Divya Narendra (/nəˈrɛndrə/; born March 18, 1982) is an American businessman. He is the CEO and co-founder of SumZero along with Harvard classmate Aalap Mahadevia. He also co-founded HarvardConnection (later renamed ConnectU) with Harvard University classmates Cameron Winklevoss and Tyler Winklevoss.

== Early life and education ==
Divya Narendra was born in the Bronx, New York and raised in Bayside, Queens, the eldest son of immigrant doctors from India, Sudhanshu Narendra and Dharamjit Narendra Kumar, of Sands Point, New York.
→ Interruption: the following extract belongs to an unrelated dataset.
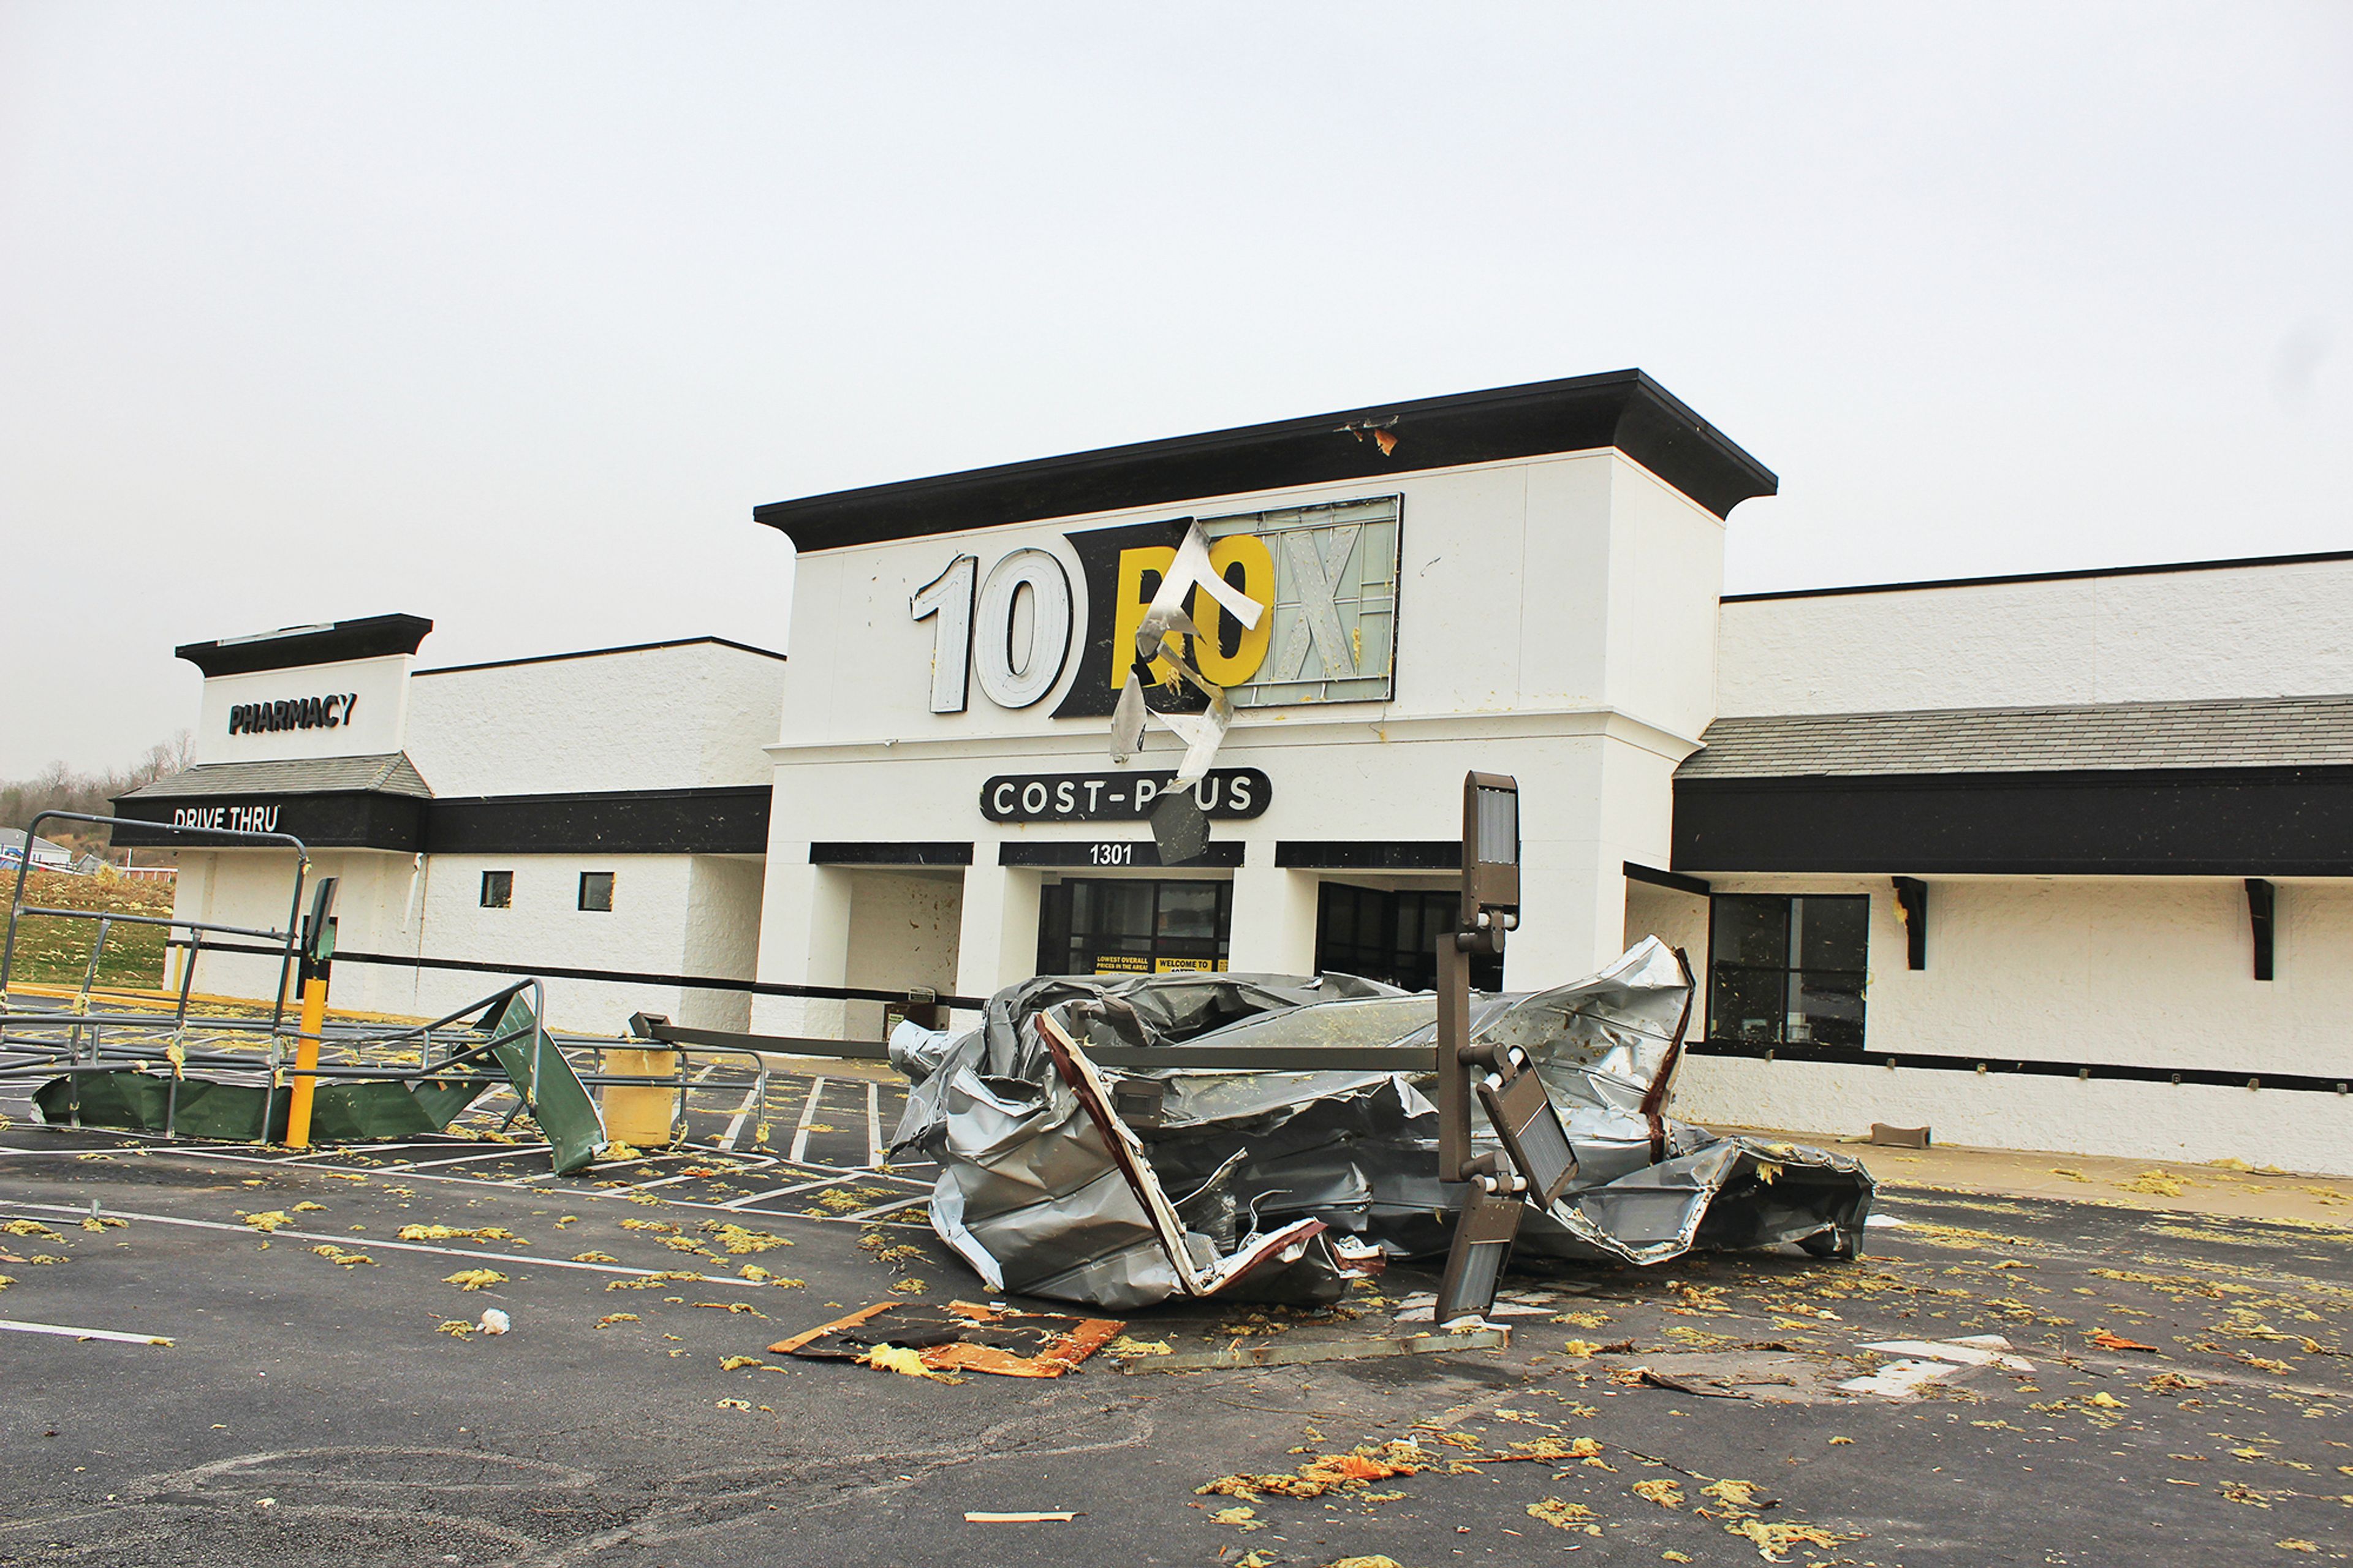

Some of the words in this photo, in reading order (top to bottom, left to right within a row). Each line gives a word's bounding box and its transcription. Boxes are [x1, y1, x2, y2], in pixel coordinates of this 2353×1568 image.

Narendra graduated from Townsend Harris High School in Kew Gardens Hills, Queens before attending Harvard University in 2000, from which he graduated in applied mathematics in 2004.

== SumZero ==
SumZero is an investment community founded by Divya Narendra and Aalap Mahadevia.

== ConnectU ==
ConnectU (originally Harvard Connection) was a social networking website launched on May 21, 2004, that was founded by Harvard students Cameron Winklevoss, Tyler Winklevoss, and Narendra in December 2002. Users could add people as friends, send them messages, and update their personal profiles to notify friends about themselves. In November 2003, the Winklevosses and Narendra approached Mark Zuckerberg about joining the HarvardConnection team. Zuckerberg later founded Facebook, leading to several lawsuits.

On February 6, 2004, the Winklevosses and Narendra first learned of thefacebook.com while reading a press release in the Harvard student newspaper The Harvard Crimson. According to Victor Gao, who looked at the HarvardConnection code afterward, Zuckerberg had left the HarvardConnection code incomplete and non-functional, with a registration that did not connect with the back-end connections. On February 10, 2004, the Winklevosses and Narendra sent Zuckerberg a cease and desist letter. They also asked the Harvard administration to act on what they viewed as a violation of the university’s honor code and student handbook. They lodged a complaint with the Harvard Administrative Board and university president Larry Summers; however, both viewed the matter to be outside the university's jurisdiction. President Summers advised the HarvardConnection team to take their matter to the courts.

== In popular culture ==
Narendra is portrayed by Max Minghella in The Social Network (2010), a film directed by David Fincher about the founding of Facebook. Narendra is of Indian ancestry, while Minghella is of Italian and Chinese ancestry. Narendra said that he was "initially surprised" to see himself portrayed by a non-Indian actor but also said that "Max did a good job in pushing the dialogue forward and creating a sense of urgency in what was a very frustrating period."